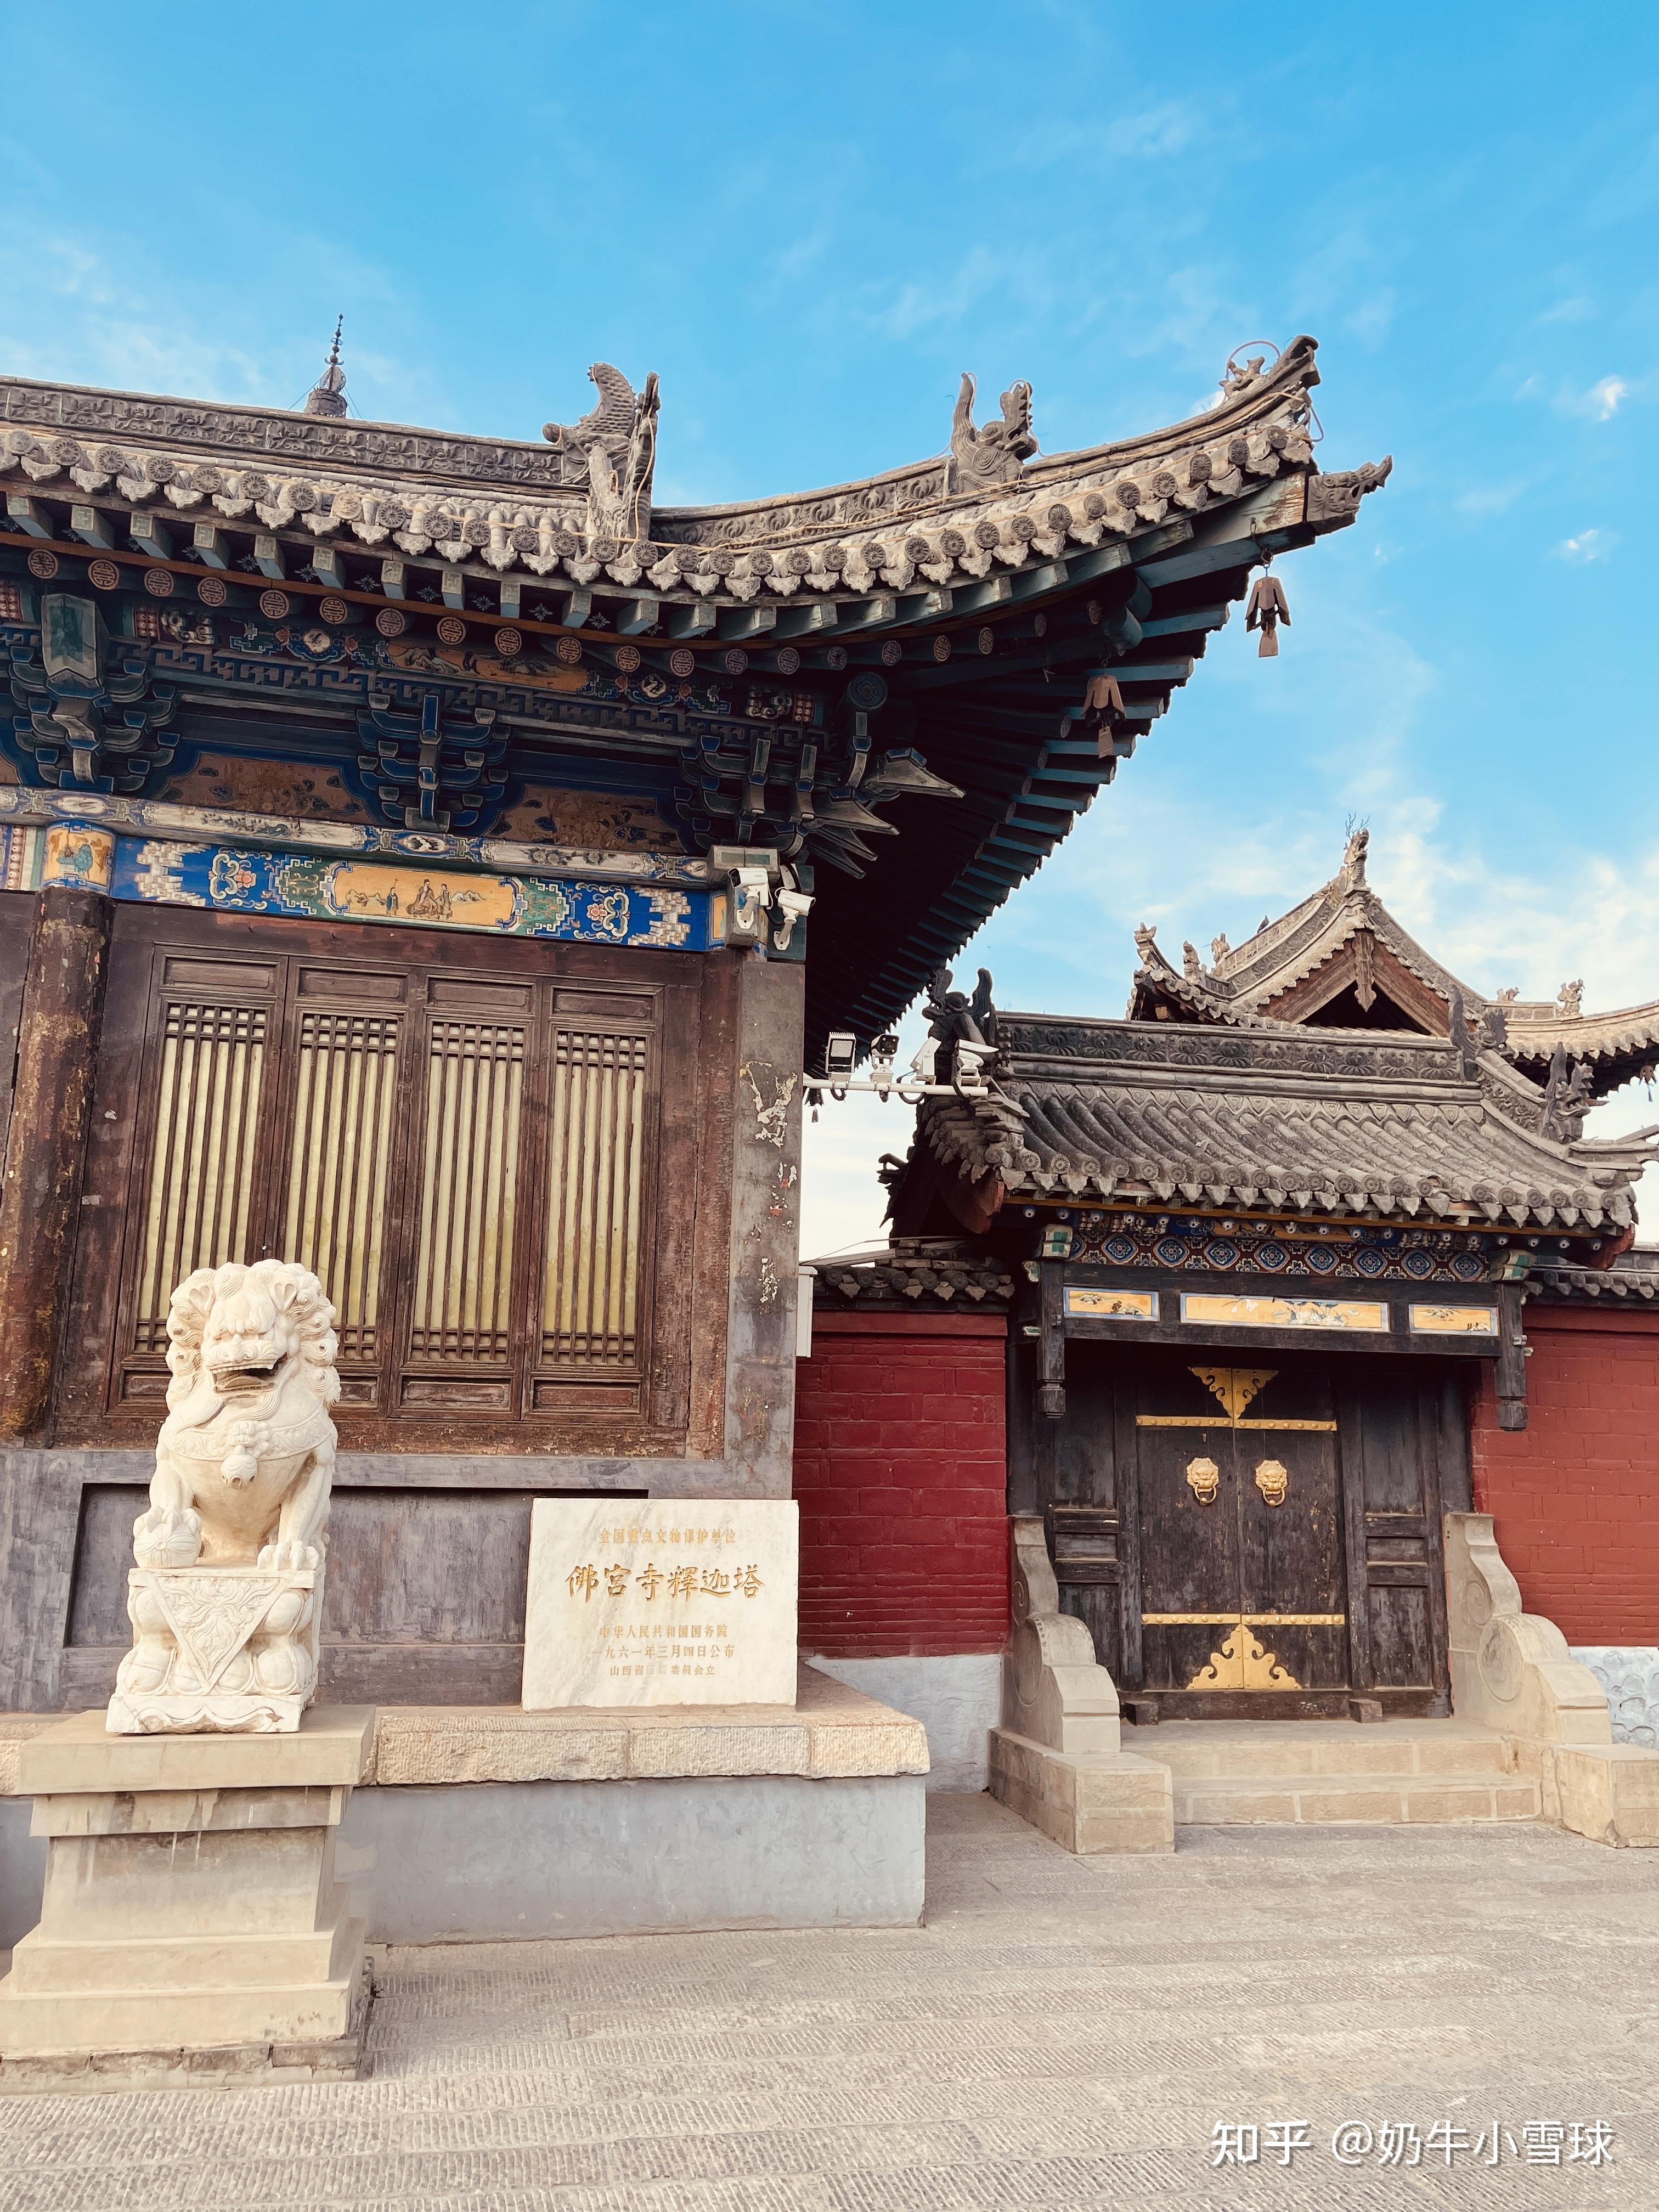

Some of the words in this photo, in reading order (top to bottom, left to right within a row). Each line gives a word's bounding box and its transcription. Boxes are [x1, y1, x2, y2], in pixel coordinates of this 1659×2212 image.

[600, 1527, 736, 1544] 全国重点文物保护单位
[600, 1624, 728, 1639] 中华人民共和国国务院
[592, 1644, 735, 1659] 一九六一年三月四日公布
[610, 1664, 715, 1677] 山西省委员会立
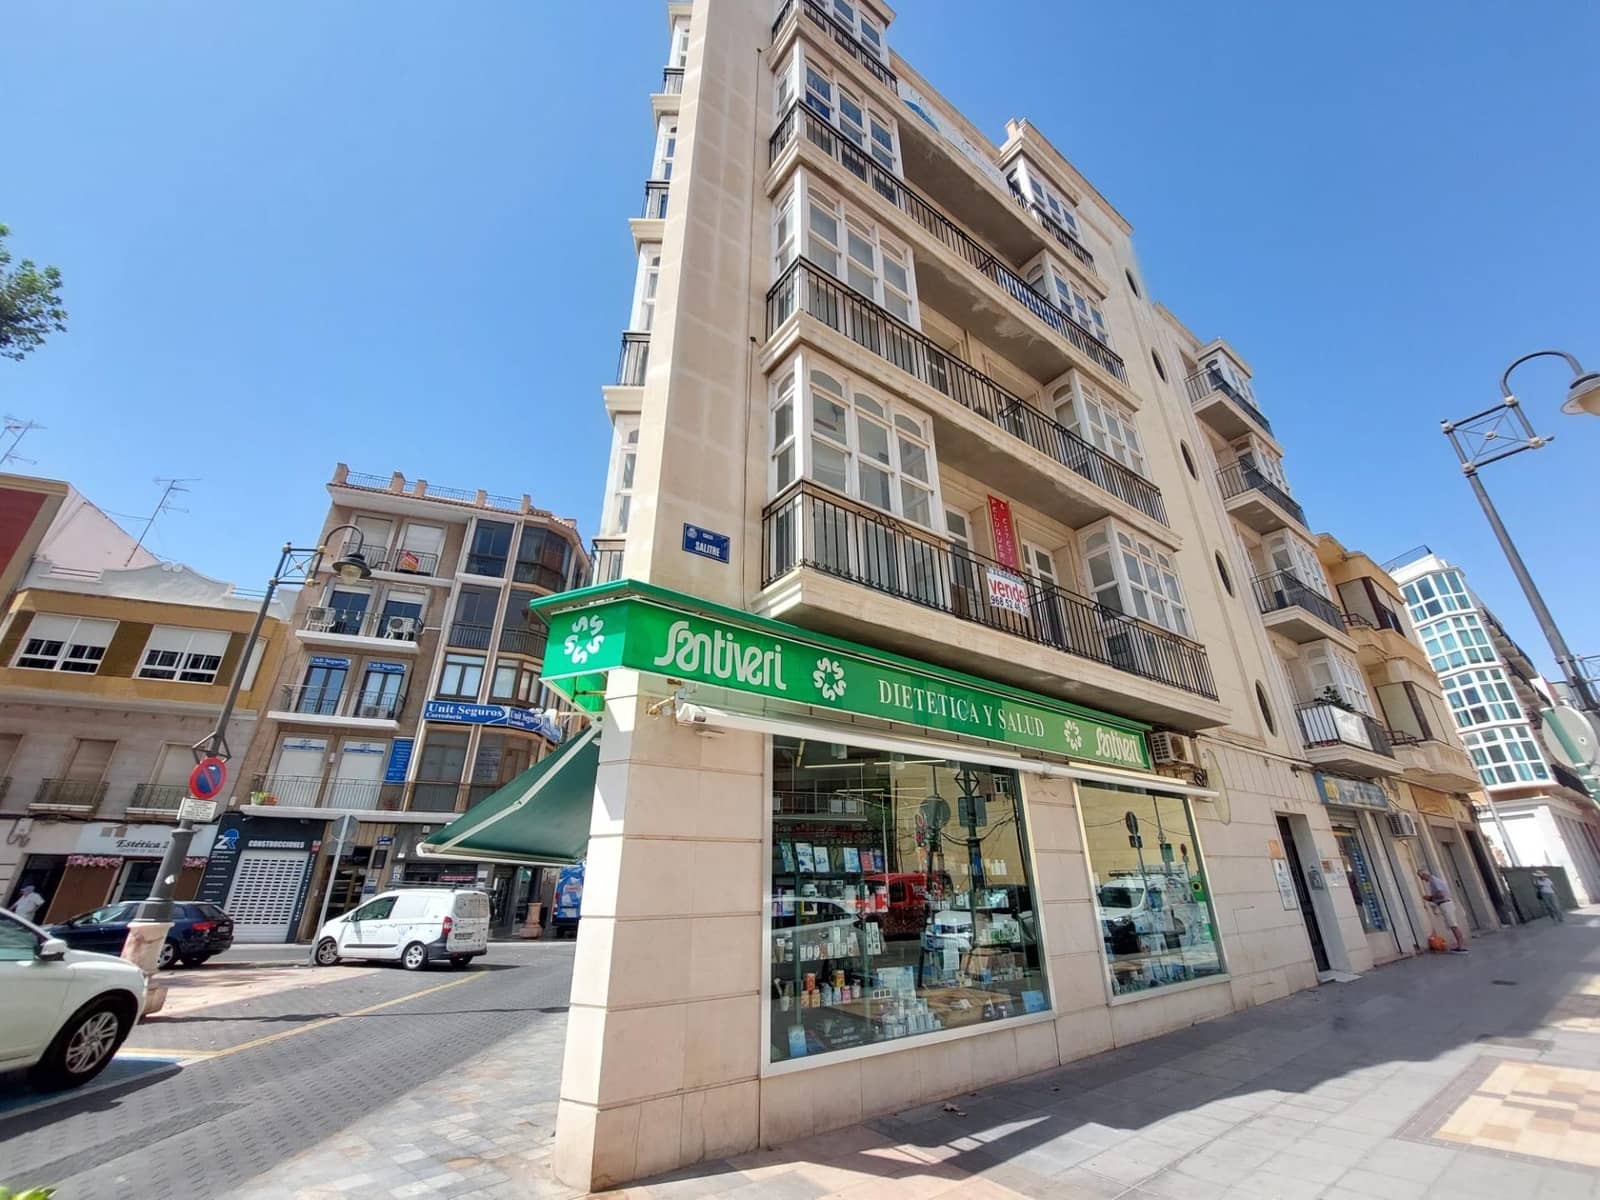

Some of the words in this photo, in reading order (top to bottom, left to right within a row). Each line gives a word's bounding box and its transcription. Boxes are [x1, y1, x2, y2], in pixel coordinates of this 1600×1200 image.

## Task goal
Each entry should be repeated exactly as it appears; the pictures stay out.

## The completed task
Some of the words in this photo, in reading order (top to bottom, left to right within a row). Each line gives a word's bounding box and its transcription. Boxes are [x1, y1, x2, y2], in pixel coordinates of this 1659×2212 image.

[600, 1527, 736, 1544] 全国重点文物保护单位
[600, 1624, 728, 1639] 中华人民共和国国务院
[592, 1644, 735, 1659] 一九六一年三月四日公布
[610, 1664, 715, 1677] 山西省委员会立

Some of the words in this photo, in reading order (top to bottom, left to right within a row). Each line gives a word's bounding box and its transcription. Boxes are [x1, y1, x2, y2], in pixel coordinates of this 1600×1200 image.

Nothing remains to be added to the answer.